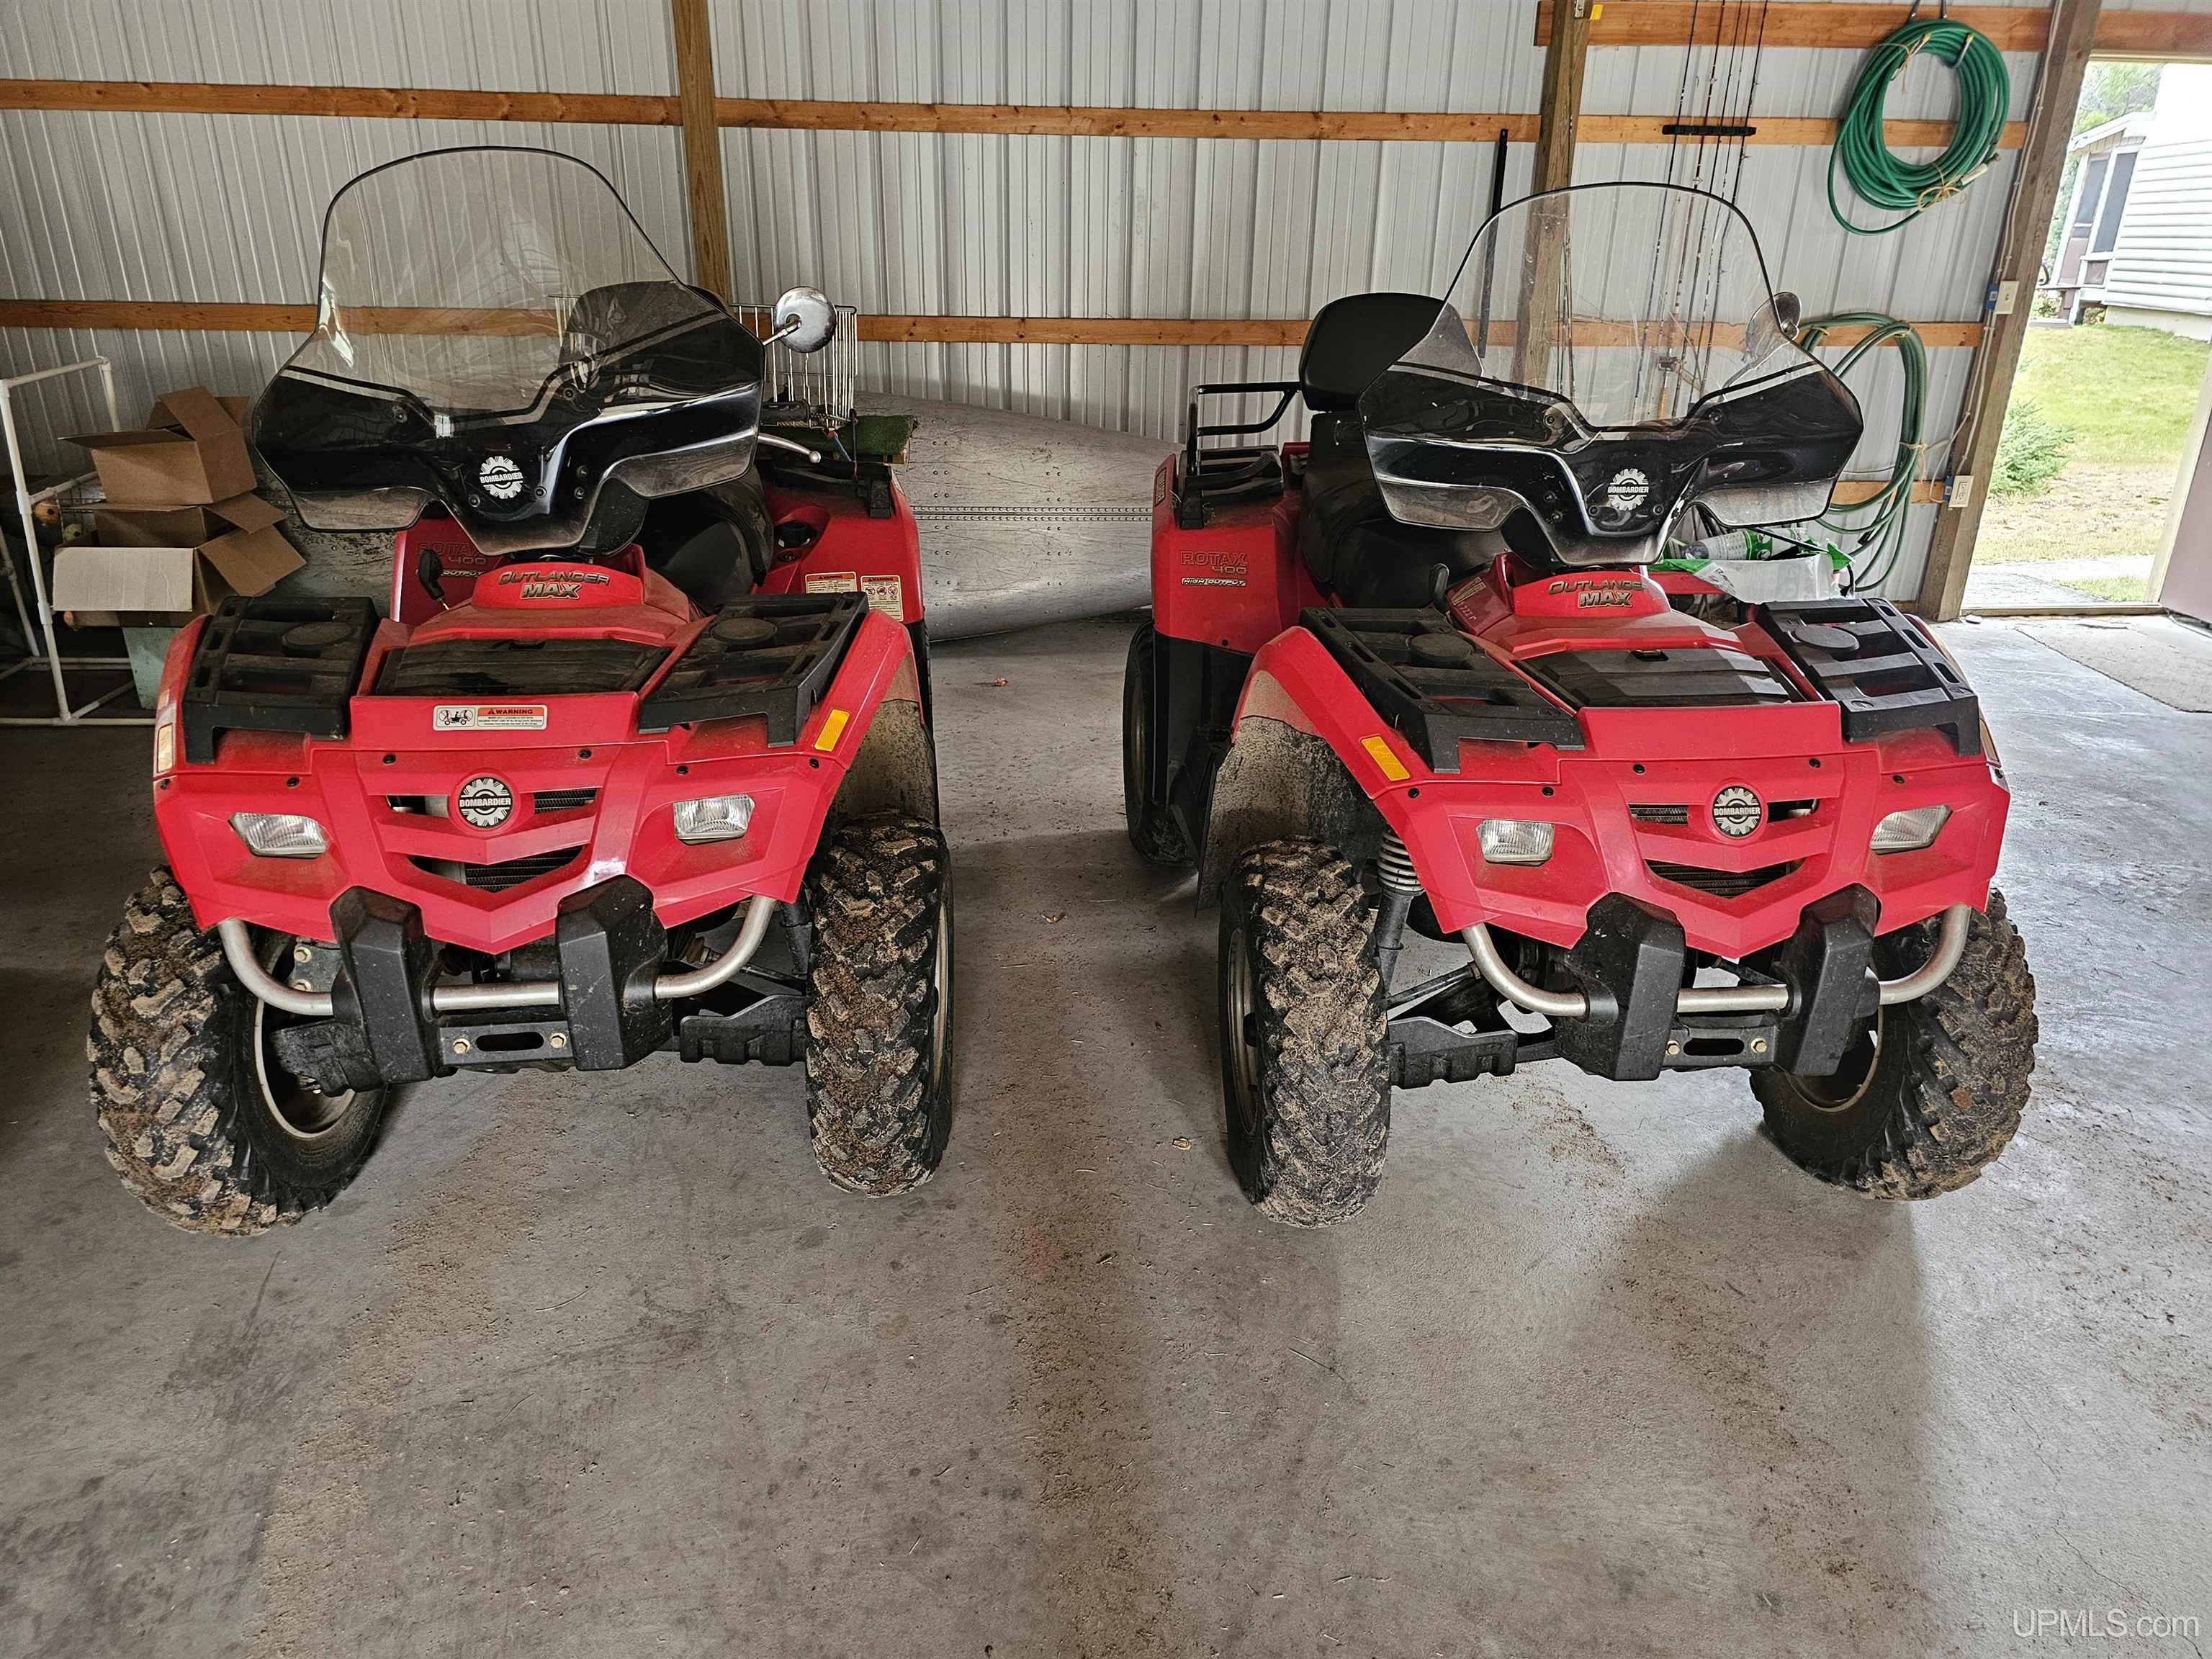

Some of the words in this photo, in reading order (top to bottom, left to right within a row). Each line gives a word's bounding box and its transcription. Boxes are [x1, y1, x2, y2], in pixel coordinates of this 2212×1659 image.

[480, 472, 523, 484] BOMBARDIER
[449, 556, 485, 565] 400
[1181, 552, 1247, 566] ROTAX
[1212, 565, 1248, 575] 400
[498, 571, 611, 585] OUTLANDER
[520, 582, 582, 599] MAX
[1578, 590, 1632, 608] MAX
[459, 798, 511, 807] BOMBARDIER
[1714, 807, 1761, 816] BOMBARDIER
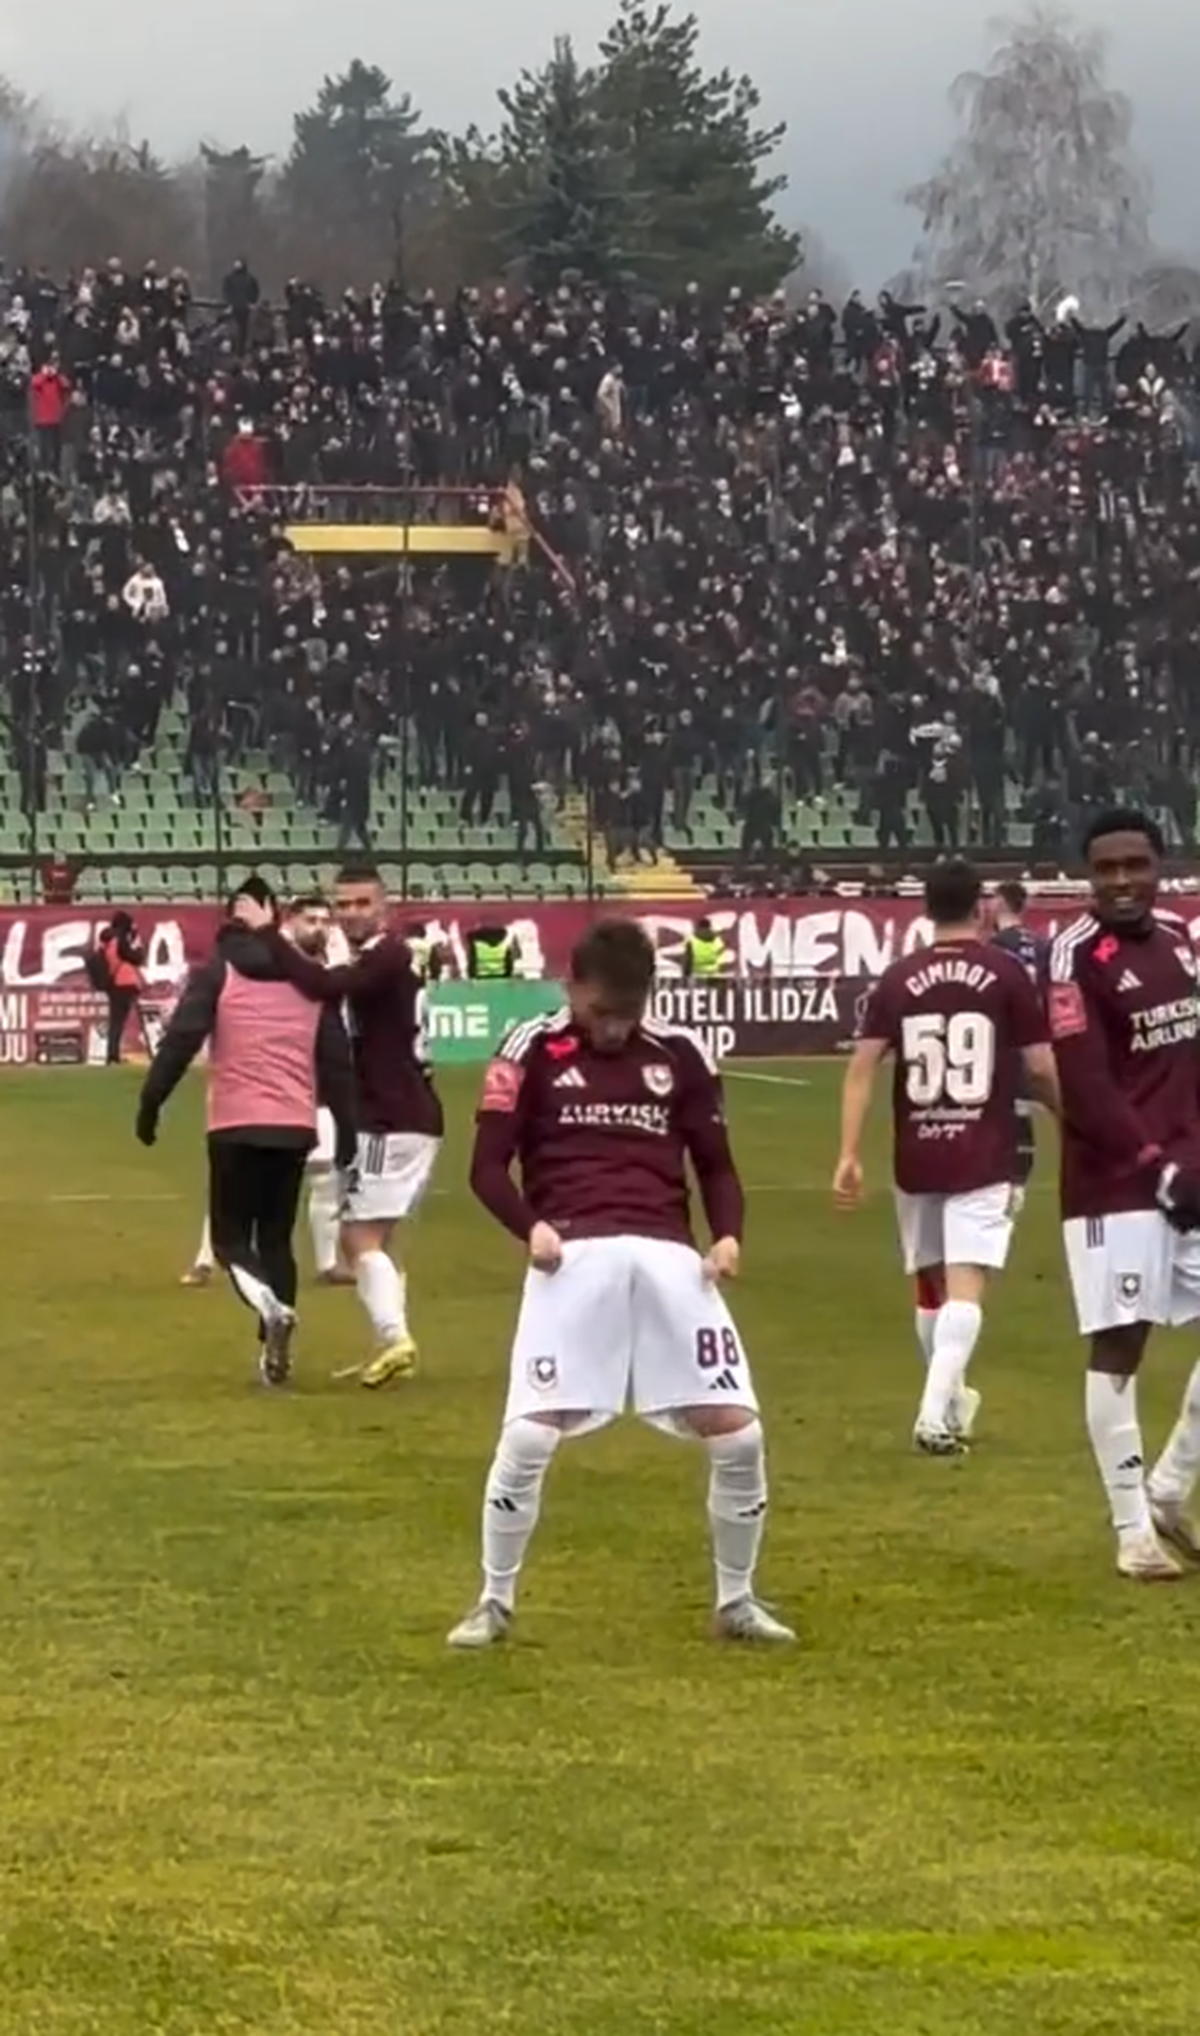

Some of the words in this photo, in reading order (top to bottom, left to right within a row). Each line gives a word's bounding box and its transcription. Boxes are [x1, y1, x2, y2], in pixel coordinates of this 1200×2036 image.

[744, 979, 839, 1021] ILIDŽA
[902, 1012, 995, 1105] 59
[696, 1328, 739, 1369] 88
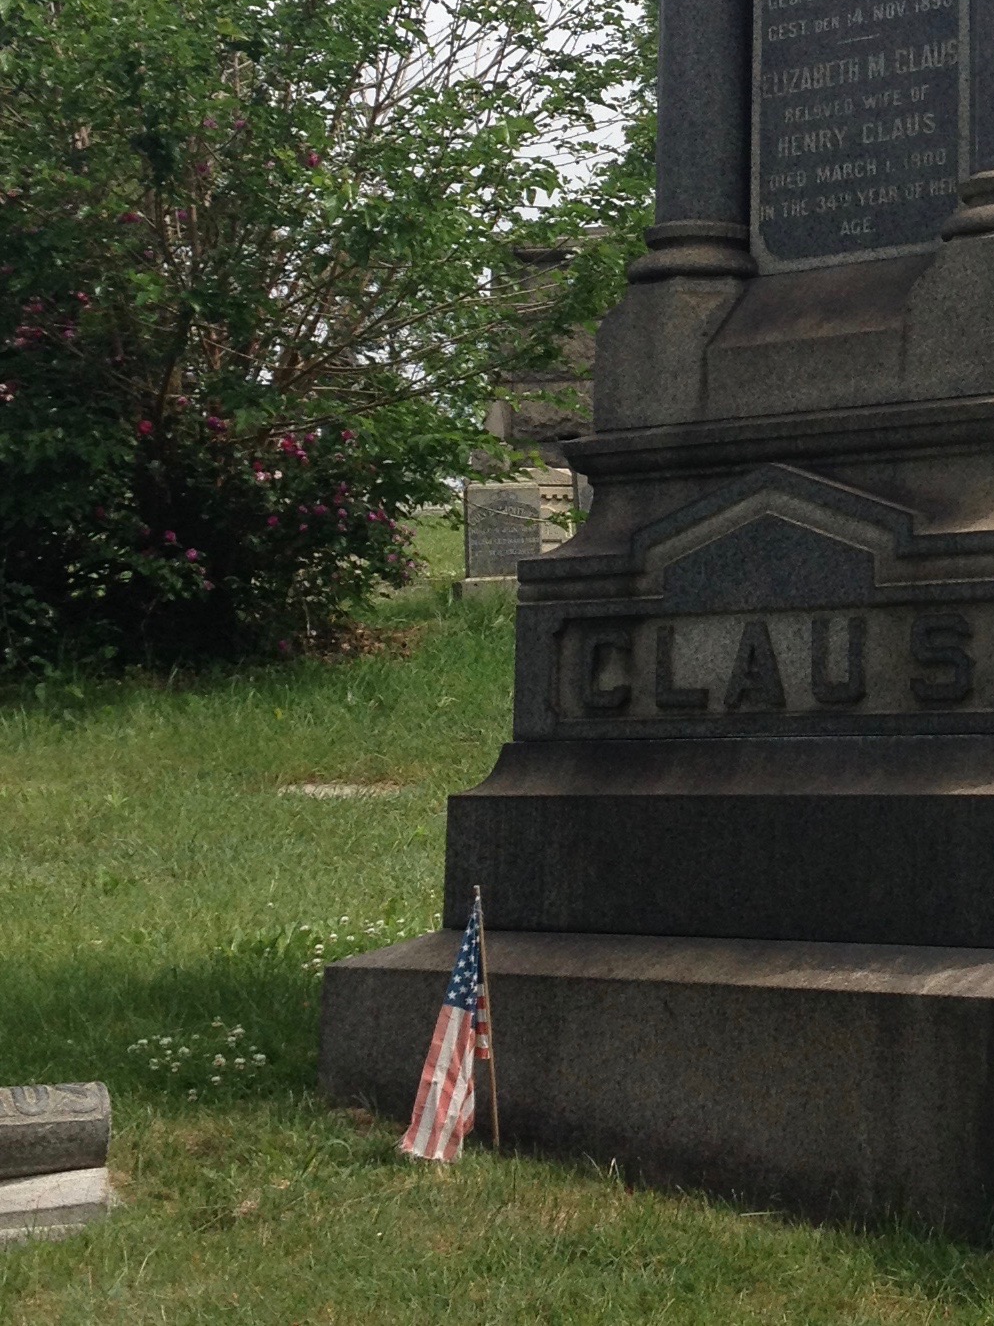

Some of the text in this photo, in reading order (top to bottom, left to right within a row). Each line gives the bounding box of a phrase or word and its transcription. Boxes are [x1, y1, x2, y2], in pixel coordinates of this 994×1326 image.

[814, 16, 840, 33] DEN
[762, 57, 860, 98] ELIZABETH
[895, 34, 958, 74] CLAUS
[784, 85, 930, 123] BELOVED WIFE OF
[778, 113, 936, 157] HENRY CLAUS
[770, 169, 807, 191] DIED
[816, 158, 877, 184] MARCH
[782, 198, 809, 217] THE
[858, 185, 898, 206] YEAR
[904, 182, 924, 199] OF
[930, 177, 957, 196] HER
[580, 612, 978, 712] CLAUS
——
**About this exercise:**
Nothing but the lines from the one containing "Some of the text" through the final line of the data above is to be reproduced, each exactly as written.

**Answer area:**
Some of the text in this photo, in reading order (top to bottom, left to right within a row). Each line gives the bounding box of a phrase or word and its transcription. Boxes are [x1, y1, x2, y2], in pixel coordinates of this 994×1326 image.

[814, 16, 840, 33] DEN
[762, 57, 860, 98] ELIZABETH
[895, 34, 958, 74] CLAUS
[784, 85, 930, 123] BELOVED WIFE OF
[778, 113, 936, 157] HENRY CLAUS
[770, 169, 807, 191] DIED
[816, 158, 877, 184] MARCH
[782, 198, 809, 217] THE
[858, 185, 898, 206] YEAR
[904, 182, 924, 199] OF
[930, 177, 957, 196] HER
[580, 612, 978, 712] CLAUS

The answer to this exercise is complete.